┌─ Task material
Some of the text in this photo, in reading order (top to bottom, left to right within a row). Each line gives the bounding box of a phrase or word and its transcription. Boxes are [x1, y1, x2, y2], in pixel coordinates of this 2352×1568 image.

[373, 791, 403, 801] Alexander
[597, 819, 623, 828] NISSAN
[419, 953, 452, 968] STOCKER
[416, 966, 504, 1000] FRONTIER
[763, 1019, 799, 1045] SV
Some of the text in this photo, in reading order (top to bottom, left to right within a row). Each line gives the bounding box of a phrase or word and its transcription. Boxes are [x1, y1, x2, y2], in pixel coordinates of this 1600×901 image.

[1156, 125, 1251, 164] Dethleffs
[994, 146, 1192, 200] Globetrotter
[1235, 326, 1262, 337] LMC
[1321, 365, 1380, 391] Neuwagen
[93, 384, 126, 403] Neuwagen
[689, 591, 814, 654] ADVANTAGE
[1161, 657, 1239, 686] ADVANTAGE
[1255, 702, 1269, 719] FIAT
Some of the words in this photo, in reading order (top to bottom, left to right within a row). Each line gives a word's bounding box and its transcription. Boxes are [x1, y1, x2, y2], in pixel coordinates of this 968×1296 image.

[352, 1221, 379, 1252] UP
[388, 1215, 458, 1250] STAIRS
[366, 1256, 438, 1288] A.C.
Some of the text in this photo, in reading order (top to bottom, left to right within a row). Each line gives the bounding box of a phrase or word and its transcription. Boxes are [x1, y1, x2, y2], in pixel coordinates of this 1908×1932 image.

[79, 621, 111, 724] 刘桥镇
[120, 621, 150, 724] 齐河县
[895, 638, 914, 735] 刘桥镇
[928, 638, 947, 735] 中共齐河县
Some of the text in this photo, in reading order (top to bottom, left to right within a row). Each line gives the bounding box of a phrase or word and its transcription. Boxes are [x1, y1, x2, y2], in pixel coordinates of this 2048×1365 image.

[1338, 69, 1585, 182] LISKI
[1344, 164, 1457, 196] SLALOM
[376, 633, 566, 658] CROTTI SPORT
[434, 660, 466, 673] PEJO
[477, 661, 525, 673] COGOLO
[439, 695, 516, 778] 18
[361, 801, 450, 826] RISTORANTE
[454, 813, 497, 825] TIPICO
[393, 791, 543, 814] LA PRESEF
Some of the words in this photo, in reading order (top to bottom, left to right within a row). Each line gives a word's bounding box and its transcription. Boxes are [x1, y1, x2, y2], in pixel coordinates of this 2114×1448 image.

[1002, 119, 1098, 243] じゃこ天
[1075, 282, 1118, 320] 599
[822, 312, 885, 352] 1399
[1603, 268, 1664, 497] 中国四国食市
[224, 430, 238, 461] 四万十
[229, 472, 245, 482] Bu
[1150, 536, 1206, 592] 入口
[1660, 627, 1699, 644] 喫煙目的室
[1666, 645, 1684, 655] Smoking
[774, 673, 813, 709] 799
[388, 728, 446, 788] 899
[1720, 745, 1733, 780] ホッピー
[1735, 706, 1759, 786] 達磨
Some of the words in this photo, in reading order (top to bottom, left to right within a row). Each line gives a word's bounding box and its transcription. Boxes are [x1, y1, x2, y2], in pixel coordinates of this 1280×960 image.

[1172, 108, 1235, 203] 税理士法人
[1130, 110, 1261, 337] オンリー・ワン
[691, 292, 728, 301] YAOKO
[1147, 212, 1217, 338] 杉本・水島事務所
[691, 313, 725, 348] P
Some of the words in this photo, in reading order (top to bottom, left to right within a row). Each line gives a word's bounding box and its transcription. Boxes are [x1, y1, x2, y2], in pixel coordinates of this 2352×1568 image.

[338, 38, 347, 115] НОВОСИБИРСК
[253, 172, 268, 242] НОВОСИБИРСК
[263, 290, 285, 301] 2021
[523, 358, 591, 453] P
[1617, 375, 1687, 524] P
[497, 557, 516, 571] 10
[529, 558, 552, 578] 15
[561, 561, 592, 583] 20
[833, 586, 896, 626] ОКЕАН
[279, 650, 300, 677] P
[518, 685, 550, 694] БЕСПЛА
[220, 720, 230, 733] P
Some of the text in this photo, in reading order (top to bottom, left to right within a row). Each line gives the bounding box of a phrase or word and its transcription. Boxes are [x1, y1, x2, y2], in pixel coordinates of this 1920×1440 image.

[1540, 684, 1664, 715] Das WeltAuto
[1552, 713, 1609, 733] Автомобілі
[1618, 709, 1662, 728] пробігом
└─
Exercise —
An exact copy of all the material is what is needed.

Written response —
Some of the text in this photo, in reading order (top to bottom, left to right within a row). Each line gives the bounding box of a phrase or word and its transcription. Boxes are [x1, y1, x2, y2], in pixel coordinates of this 2352×1568 image.

[373, 791, 403, 801] Alexander
[597, 819, 623, 828] NISSAN
[419, 953, 452, 968] STOCKER
[416, 966, 504, 1000] FRONTIER
[763, 1019, 799, 1045] SV
Some of the text in this photo, in reading order (top to bottom, left to right within a row). Each line gives the bounding box of a phrase or word and its transcription. Boxes are [x1, y1, x2, y2], in pixel coordinates of this 1600×901 image.

[1156, 125, 1251, 164] Dethleffs
[994, 146, 1192, 200] Globetrotter
[1235, 326, 1262, 337] LMC
[1321, 365, 1380, 391] Neuwagen
[93, 384, 126, 403] Neuwagen
[689, 591, 814, 654] ADVANTAGE
[1161, 657, 1239, 686] ADVANTAGE
[1255, 702, 1269, 719] FIAT
Some of the words in this photo, in reading order (top to bottom, left to right within a row). Each line gives a word's bounding box and its transcription. Boxes are [x1, y1, x2, y2], in pixel coordinates of this 968×1296 image.

[352, 1221, 379, 1252] UP
[388, 1215, 458, 1250] STAIRS
[366, 1256, 438, 1288] A.C.
Some of the text in this photo, in reading order (top to bottom, left to right within a row). Each line gives the bounding box of a phrase or word and its transcription. Boxes are [x1, y1, x2, y2], in pixel coordinates of this 1908×1932 image.

[79, 621, 111, 724] 刘桥镇
[120, 621, 150, 724] 齐河县
[895, 638, 914, 735] 刘桥镇
[928, 638, 947, 735] 中共齐河县
Some of the text in this photo, in reading order (top to bottom, left to right within a row). Each line gives the bounding box of a phrase or word and its transcription. Boxes are [x1, y1, x2, y2], in pixel coordinates of this 2048×1365 image.

[1338, 69, 1585, 182] LISKI
[1344, 164, 1457, 196] SLALOM
[376, 633, 566, 658] CROTTI SPORT
[434, 660, 466, 673] PEJO
[477, 661, 525, 673] COGOLO
[439, 695, 516, 778] 18
[361, 801, 450, 826] RISTORANTE
[454, 813, 497, 825] TIPICO
[393, 791, 543, 814] LA PRESEF
Some of the words in this photo, in reading order (top to bottom, left to right within a row). Each line gives a word's bounding box and its transcription. Boxes are [x1, y1, x2, y2], in pixel coordinates of this 2114×1448 image.

[1002, 119, 1098, 243] じゃこ天
[1075, 282, 1118, 320] 599
[822, 312, 885, 352] 1399
[1603, 268, 1664, 497] 中国四国食市
[224, 430, 238, 461] 四万十
[229, 472, 245, 482] Bu
[1150, 536, 1206, 592] 入口
[1660, 627, 1699, 644] 喫煙目的室
[1666, 645, 1684, 655] Smoking
[774, 673, 813, 709] 799
[388, 728, 446, 788] 899
[1720, 745, 1733, 780] ホッピー
[1735, 706, 1759, 786] 達磨
Some of the words in this photo, in reading order (top to bottom, left to right within a row). Each line gives a word's bounding box and its transcription. Boxes are [x1, y1, x2, y2], in pixel coordinates of this 1280×960 image.

[1172, 108, 1235, 203] 税理士法人
[1130, 110, 1261, 337] オンリー・ワン
[691, 292, 728, 301] YAOKO
[1147, 212, 1217, 338] 杉本・水島事務所
[691, 313, 725, 348] P
Some of the words in this photo, in reading order (top to bottom, left to right within a row). Each line gives a word's bounding box and its transcription. Boxes are [x1, y1, x2, y2], in pixel coordinates of this 2352×1568 image.

[338, 38, 347, 115] НОВОСИБИРСК
[253, 172, 268, 242] НОВОСИБИРСК
[263, 290, 285, 301] 2021
[523, 358, 591, 453] P
[1617, 375, 1687, 524] P
[497, 557, 516, 571] 10
[529, 558, 552, 578] 15
[561, 561, 592, 583] 20
[833, 586, 896, 626] ОКЕАН
[279, 650, 300, 677] P
[518, 685, 550, 694] БЕСПЛА
[220, 720, 230, 733] P
Some of the text in this photo, in reading order (top to bottom, left to right within a row). Each line gives the bounding box of a phrase or word and its transcription. Boxes are [x1, y1, x2, y2], in pixel coordinates of this 1920×1440 image.

[1540, 684, 1664, 715] Das WeltAuto
[1552, 713, 1609, 733] Автомобілі
[1618, 709, 1662, 728] пробігом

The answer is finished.